Open 520jz opened 12 months ago

520jz commented 12 months ago

I use my own dataset, the dataset is in llff format, and below is my dataset format image

Below is an RGB image and mask display of my dataset image image

This is my config file image

This is a bad result image

Is there a problem with my dataset or with my config file settings?

jmunkberg commented 12 months ago

Hello, Please see the discussion here: https://github.com/NVlabs/nvdiffrec/issues/84

520jz commented 12 months ago

Hello, Please see the discussion here: #84

  • Use a sufficient number of views. I would recommend 50+ views, nicely distributed around the object.
  • Verify the accuracy of the camera poses. I assume you used colmap? We sometimes check the poses by creating a NeRF using https://github.com/NVlabs/instant-ngp as a sanity check. We assume perfect poses, and do not correct for inaccuracies, so if the poses are bad, nvdiffrec will fail.
  • Accuracy of masks. Even a few pixel differences, as shown above, may make the optimization harder. If you have the possibility to create masks with higher accuracy, that will help.
  • Is the lighting constant in all images, and is the object fully static across all views?

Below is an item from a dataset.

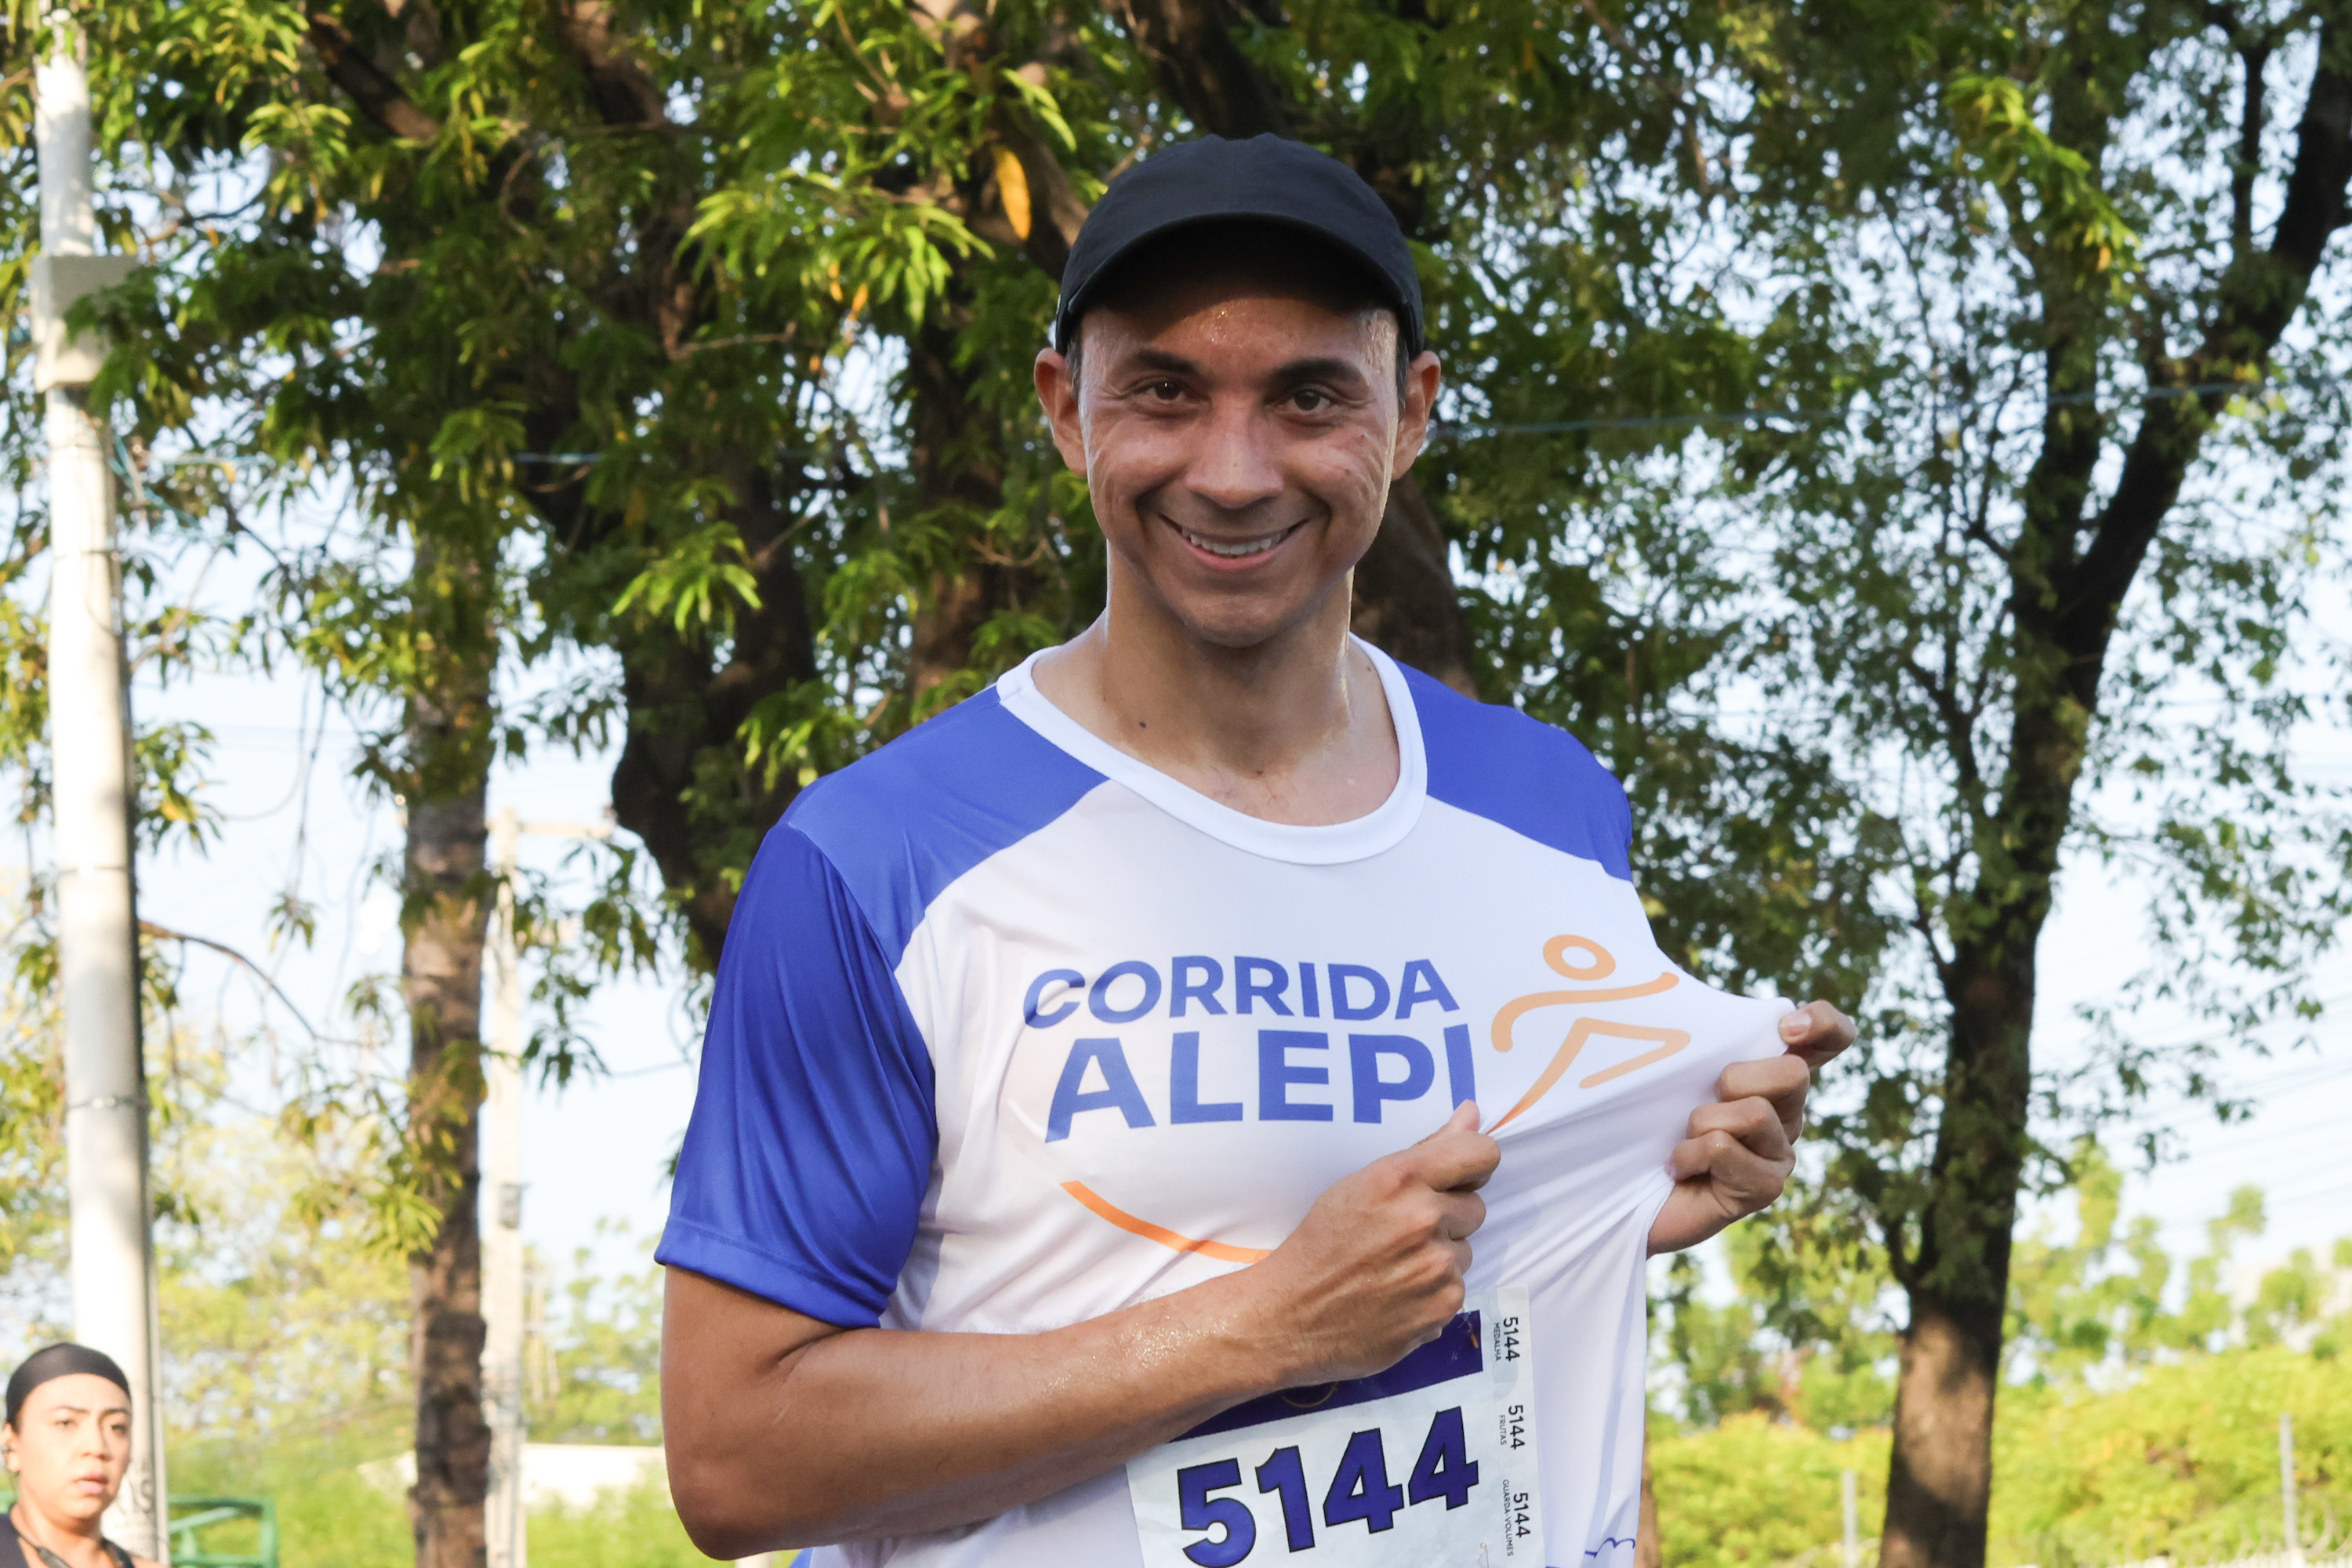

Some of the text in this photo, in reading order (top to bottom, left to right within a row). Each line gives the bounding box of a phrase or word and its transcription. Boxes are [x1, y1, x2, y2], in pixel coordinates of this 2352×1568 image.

Hi, thank you for reply! I appreciate your help. I'm going to take a look at #84 1、My number of views is 66. I feel like my number of views should be adequate. 2、This dataset was downloaded from the Internet, and the dataset itself has camera poses. But the camera pose should also be colmap generated. I thought I should Verify the accuracy of the camera poses. 3、Masks may be less accurate. Original image with white background, I used the following code to generate the mask. cv2.threshold(gray, 250, 255, cv2. THRESH_BINARY_INV) 4、yes

Some other problems: Dear author, forgive me for my ignorance. 1、Does the resolution of the input RGB image have any effect on the generated mesh? My original image is relatively large in resolution, so I lowered the resolution of the picture. 2、Do the input RGB images need an alpha channel? That is, must the background of the image be transparent?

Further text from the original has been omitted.